Using the count data directly for one sample, we can see that there are some consistencies in domain structures between the bulk and the subsampled data detected by all three algorithms, with ARI being 0.70, 0.65, and 0.54, for CaTCH, HiCseg, and TopDom, respectively (S6 Fig). We then KR-normalized both the bulk and the subsampled data. It is interesting to see that KR-normalized subsampled data now has less resemblance with the bulk data in terms of domain structures, although we see that the TADs detected by TopDom for the KR-normalized bulk data and the raw bulk data before normalization are very similar, which is not true for the other two domain detection algorithms (S6 Fig). We then further obtained RWS- and RWR-smoothed data based on the KR-normalized subsample matrix. We see that some domain structures become visible with the RWS-smoothed matrices, especially with a larger number of steps (Fig 3(a) and S7 Fig). RWR with a small restart probability, 0.05, 0.1, and 0.2, also seemed to reveal some domain structures; however, the diagonal feature started to take over with a larger restart probability (S8 Fig). Since the underlying ground truth is unknown, one could not tell for sure whether the domain structures visually apparent were true TADs, although we note that the observed domain structure from the bulk data and the structures revealed by the smooth data with an appropriate number of steps or an appropriate restart probability are similar for the large domains. Further, it is interesting to see that, although the performance of TopDom lacked behind CaTCH and HiCseg for the subsampled data before smoothing, it detected TADs for all RWS- and RWR-smoothed matrices, and all led to a higher ARI with the bulk data. For HiCseg, it called many meaningless small domains for all the data matrices (including the bulk data) except for RWS10s. Despite the excellent performance for the subsampled data as we noted above, CaTCH failed for all the other forms of data, namely all the normalized and smoothed matrices, calling every two consecutive bins as a domain.

Download:

Fig 3. Results based on the subsampling procedure to simulate single cell data.

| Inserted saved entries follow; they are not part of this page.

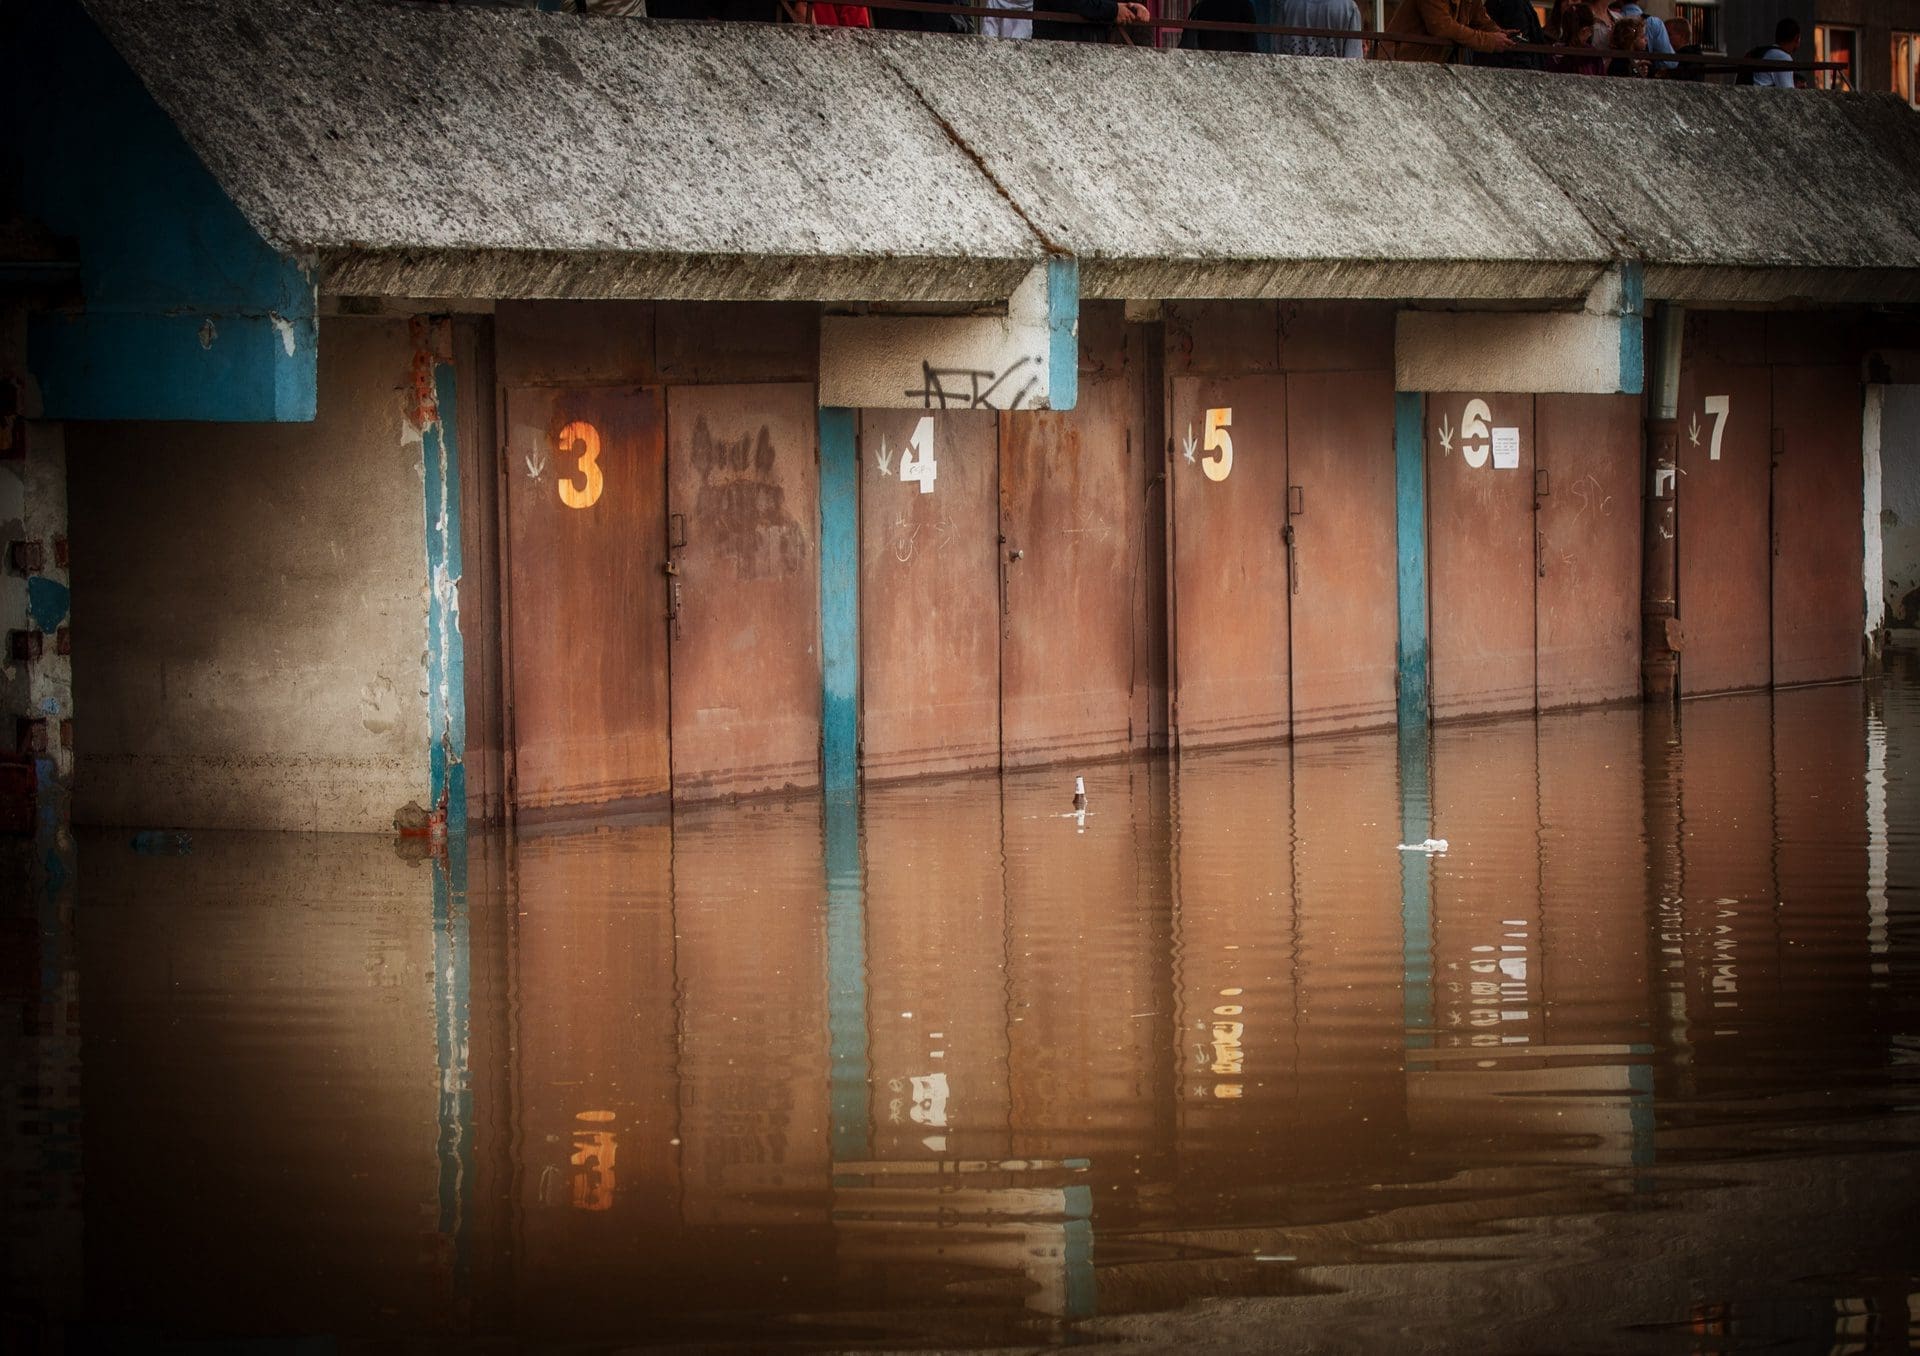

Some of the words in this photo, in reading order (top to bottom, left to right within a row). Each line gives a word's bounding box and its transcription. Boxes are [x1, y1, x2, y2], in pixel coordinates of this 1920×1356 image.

[900, 416, 937, 494] 4
[1202, 407, 1234, 482] 5
[1461, 398, 1492, 469] 6
[1705, 395, 1730, 460] 7
[558, 421, 604, 510] 3
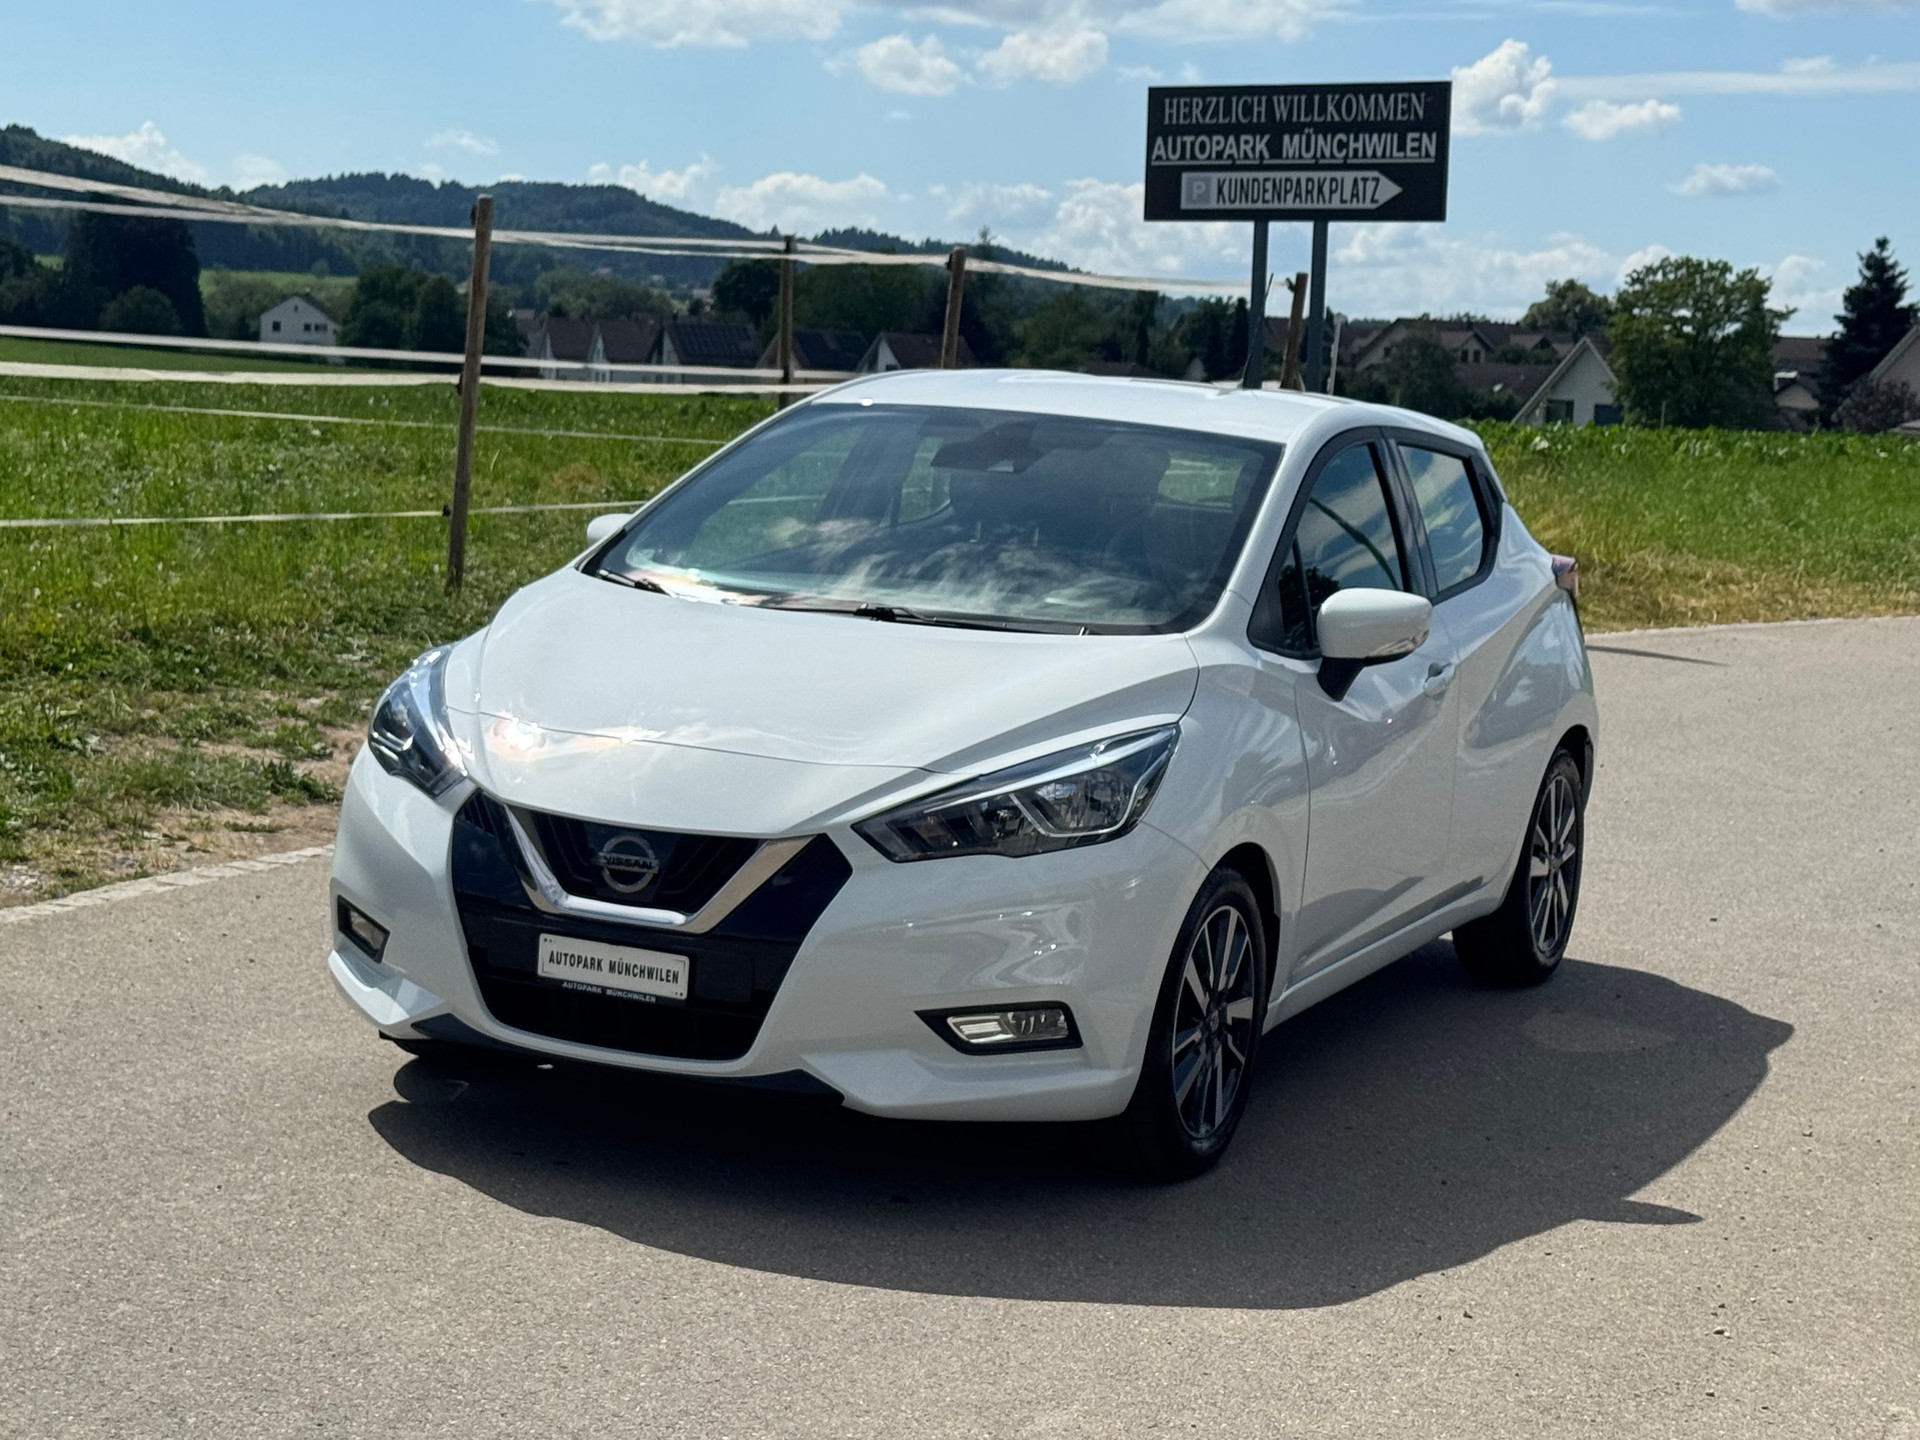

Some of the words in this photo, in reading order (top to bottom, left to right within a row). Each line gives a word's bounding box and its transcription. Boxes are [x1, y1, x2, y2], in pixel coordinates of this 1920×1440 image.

(a) Data matrices (column one) and detected domain boundaries (columns 2-4 for CaTCH, HiCseg, and TopDom, respectively); row 1 shows the original bulk count matrix, while rows 2-4 provide, respectively, the KR-normalized, SWS3s, RWR0.1, results from one subsample. Note that 150 and 0.05 are the censured values for the heatmaps. (b) Violin plots of ARI values for the results from TopDom with 11 kinds of data matrices with 100 replicated subsamples.

https://doi.org/10.1371/journal.pone.0327100.g003

To gauge variability, we performed the subsampling 100 times, and we plotted the distributions of the ARIs between the subsampled matrices (before and after various levels of smoothing) and the bulk data. The results for TopDom applying to the RWS- and RWR-smoothed data are fairly consistent across a wide range of number of steps and restart probabilities, and there is an appreciable improvement over the results for the subsampled count or KR-normalized subsampled data matrices (Fig 3(b)). However, for CaTCH, the results from the count matrix are better than their KR-normalized and smoothed counterparts; for HiCseg, RWS with an appropriate number of steps (3–5) achieved similar results as the subsampled count data (S6(b) Fig).

3.2 Analysis of two experimental Hi-C datasets

We now turn to experimental data to further substantiate our findings from the three simulation studies. We evaluated whether the RWS- and RWR-smoothed matrices from real experimental data can lead to improvements on TAD detection using the same three algorithms that we investigated in the simulation studies. To be comprehensive, we considered two publicly available Hi-C datasets — one bulk and one single cells — that provides a range of data sparsity.

3.2.1 Human embryonic stem cells bulk Hi-C data.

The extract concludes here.